▶ Work instructions: Without any of their pictures, return all of the records exactly.

▶ Input for this task:
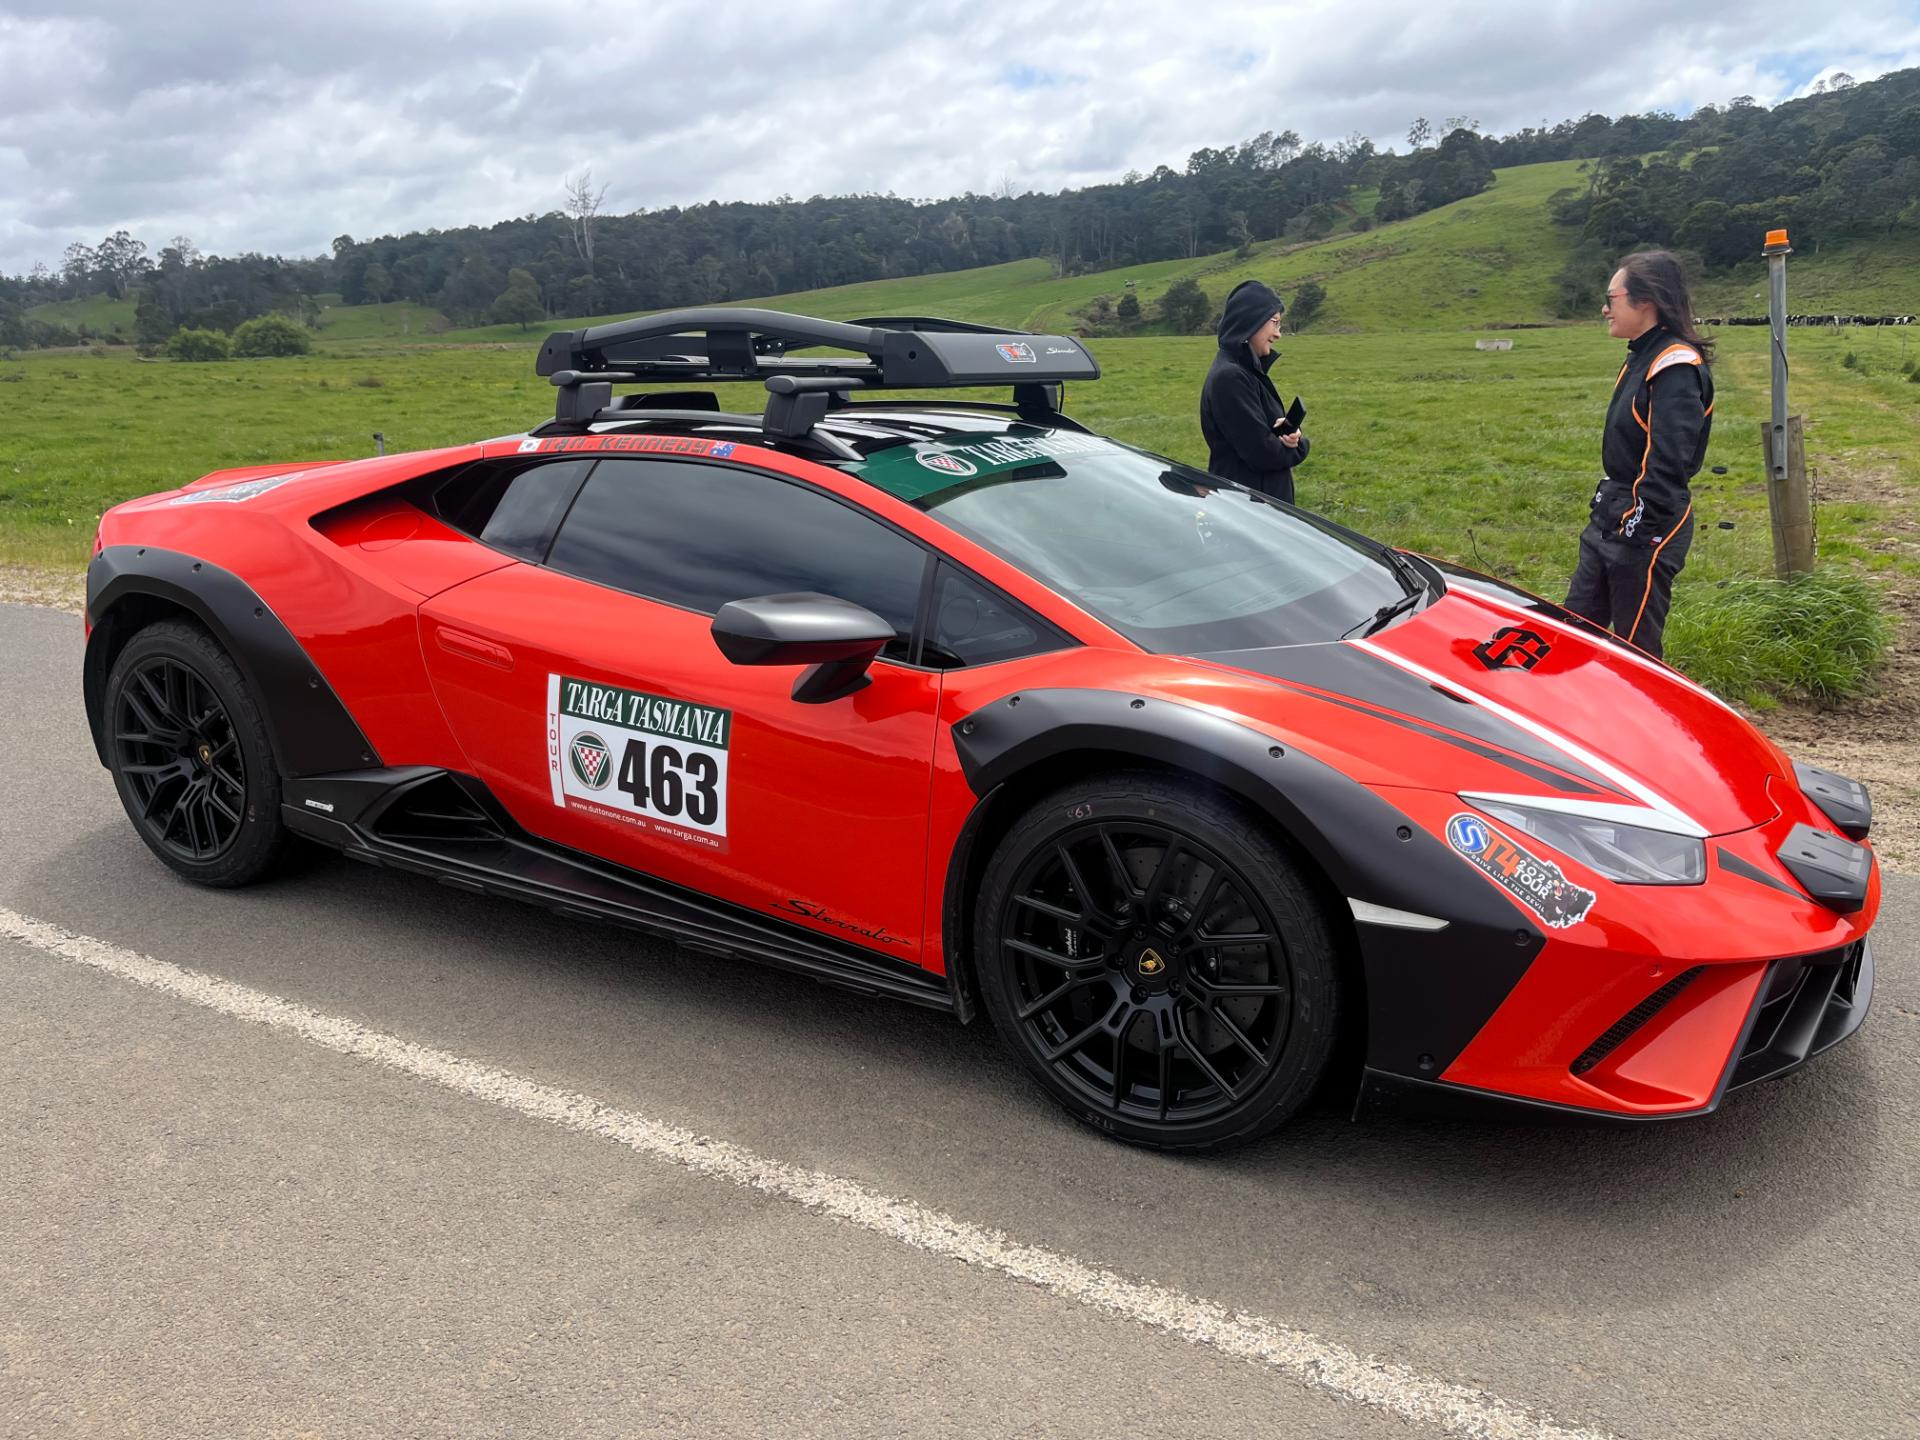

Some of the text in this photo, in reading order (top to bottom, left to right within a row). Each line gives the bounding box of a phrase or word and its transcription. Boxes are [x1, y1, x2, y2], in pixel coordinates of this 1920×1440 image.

[567, 682, 724, 744] TARGA TASMANIA
[549, 713, 558, 771] TOUR
[618, 738, 718, 826] 463
[654, 824, 719, 848] www.targa.com.au
[1471, 854, 1492, 871] DRIVE
[1493, 870, 1509, 884] LIKE
[1510, 882, 1525, 896] THE
[1525, 895, 1545, 913] DEVIL
[1514, 865, 1549, 900] TOUR
[1519, 859, 1553, 890] 2025
[768, 899, 912, 946] Sterrato

▶ Task answer:
Some of the text in this photo, in reading order (top to bottom, left to right within a row). Each line gives the bounding box of a phrase or word and its transcription. Boxes are [x1, y1, x2, y2], in pixel coordinates of this 1920×1440 image.

[567, 682, 724, 744] TARGA TASMANIA
[549, 713, 558, 771] TOUR
[618, 738, 718, 826] 463
[654, 824, 719, 848] www.targa.com.au
[1471, 854, 1492, 871] DRIVE
[1493, 870, 1509, 884] LIKE
[1510, 882, 1525, 896] THE
[1525, 895, 1545, 913] DEVIL
[1514, 865, 1549, 900] TOUR
[1519, 859, 1553, 890] 2025
[768, 899, 912, 946] Sterrato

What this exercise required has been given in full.